### Exercise prompt
Please transcribe the data below in full, word for word, without the images.

BEGIN

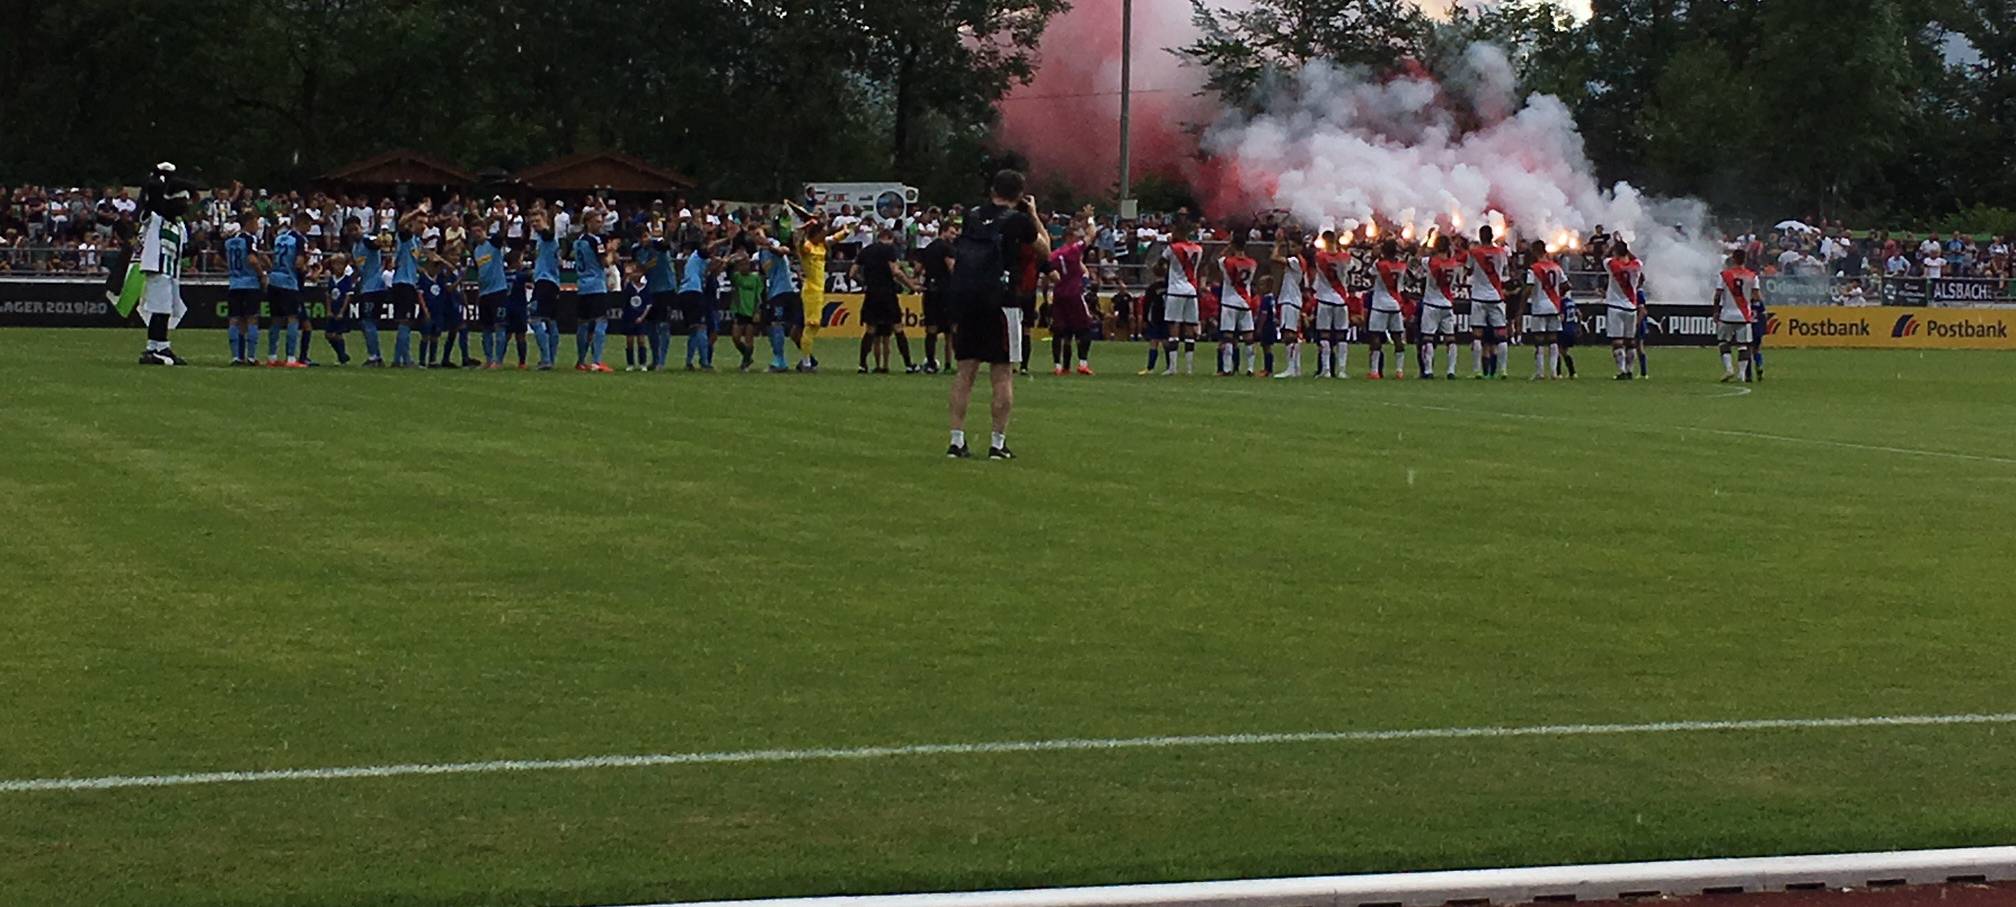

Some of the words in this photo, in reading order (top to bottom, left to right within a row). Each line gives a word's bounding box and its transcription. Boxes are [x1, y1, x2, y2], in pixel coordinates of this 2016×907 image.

[1934, 282, 1988, 300] ALSBACH
[48, 301, 108, 314] 2019/20
[1669, 316, 1717, 334] PUMA
[1789, 318, 1870, 336] Postbank
[1927, 319, 2007, 338] Postbank
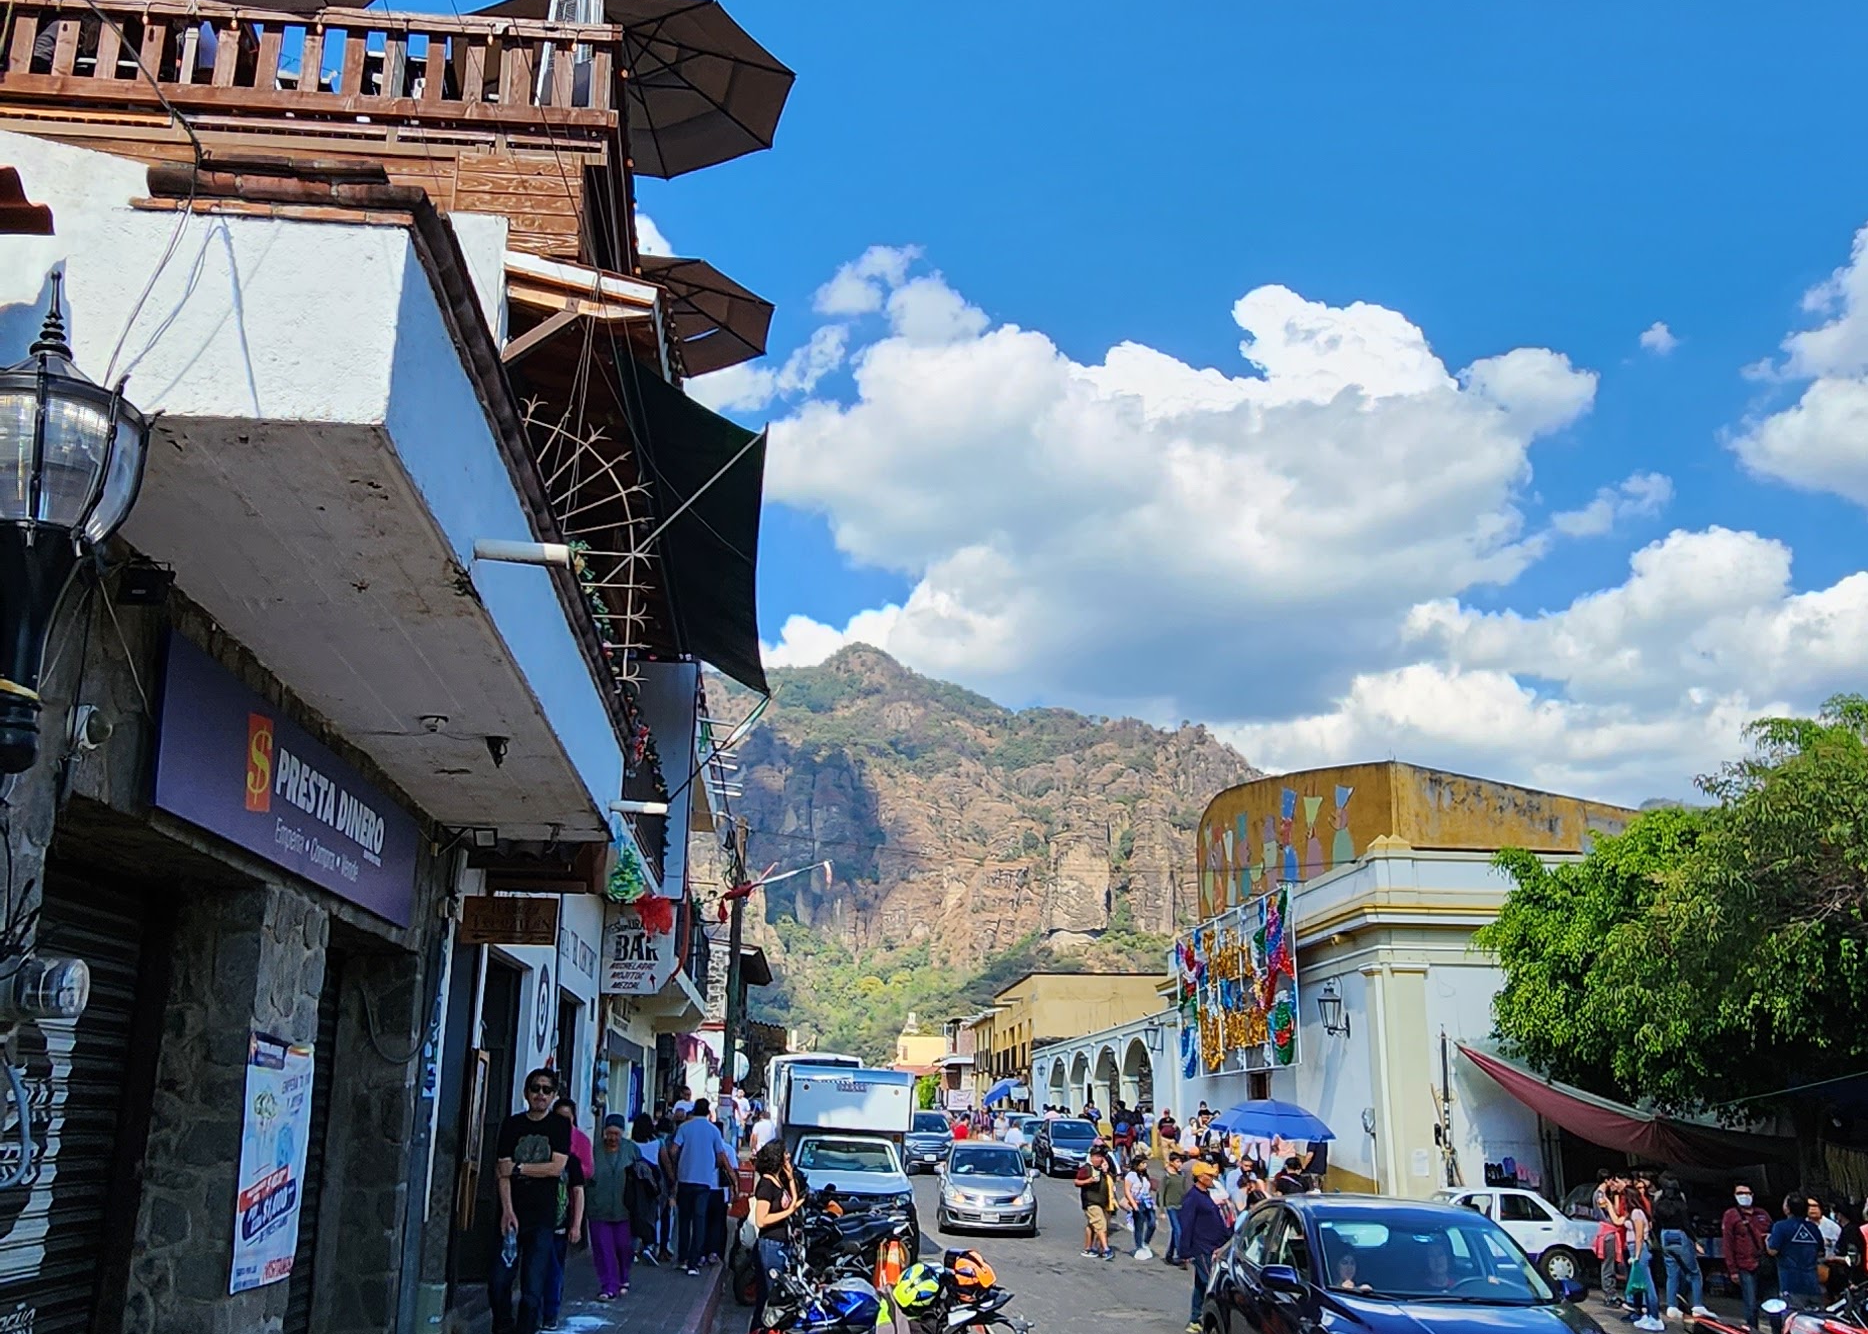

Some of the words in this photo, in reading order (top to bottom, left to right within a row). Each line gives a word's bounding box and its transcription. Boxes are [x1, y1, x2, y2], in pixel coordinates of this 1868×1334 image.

END

### Response for this exercise
Some of the words in this photo, in reading order (top to bottom, left to right within a row). Each line gives a word's bounding box and its transcription. Boxes are [x1, y1, x2, y2], in pixel coordinates of this 2016×907 image.

[1934, 282, 1988, 300] ALSBACH
[48, 301, 108, 314] 2019/20
[1669, 316, 1717, 334] PUMA
[1789, 318, 1870, 336] Postbank
[1927, 319, 2007, 338] Postbank

Some of the words in this photo, in reading order (top to bottom, left to right within a row). Each line gives a word's bounding box and its transcription. Boxes are [x1, y1, x2, y2], in pixel coordinates of this 1868×1334 image.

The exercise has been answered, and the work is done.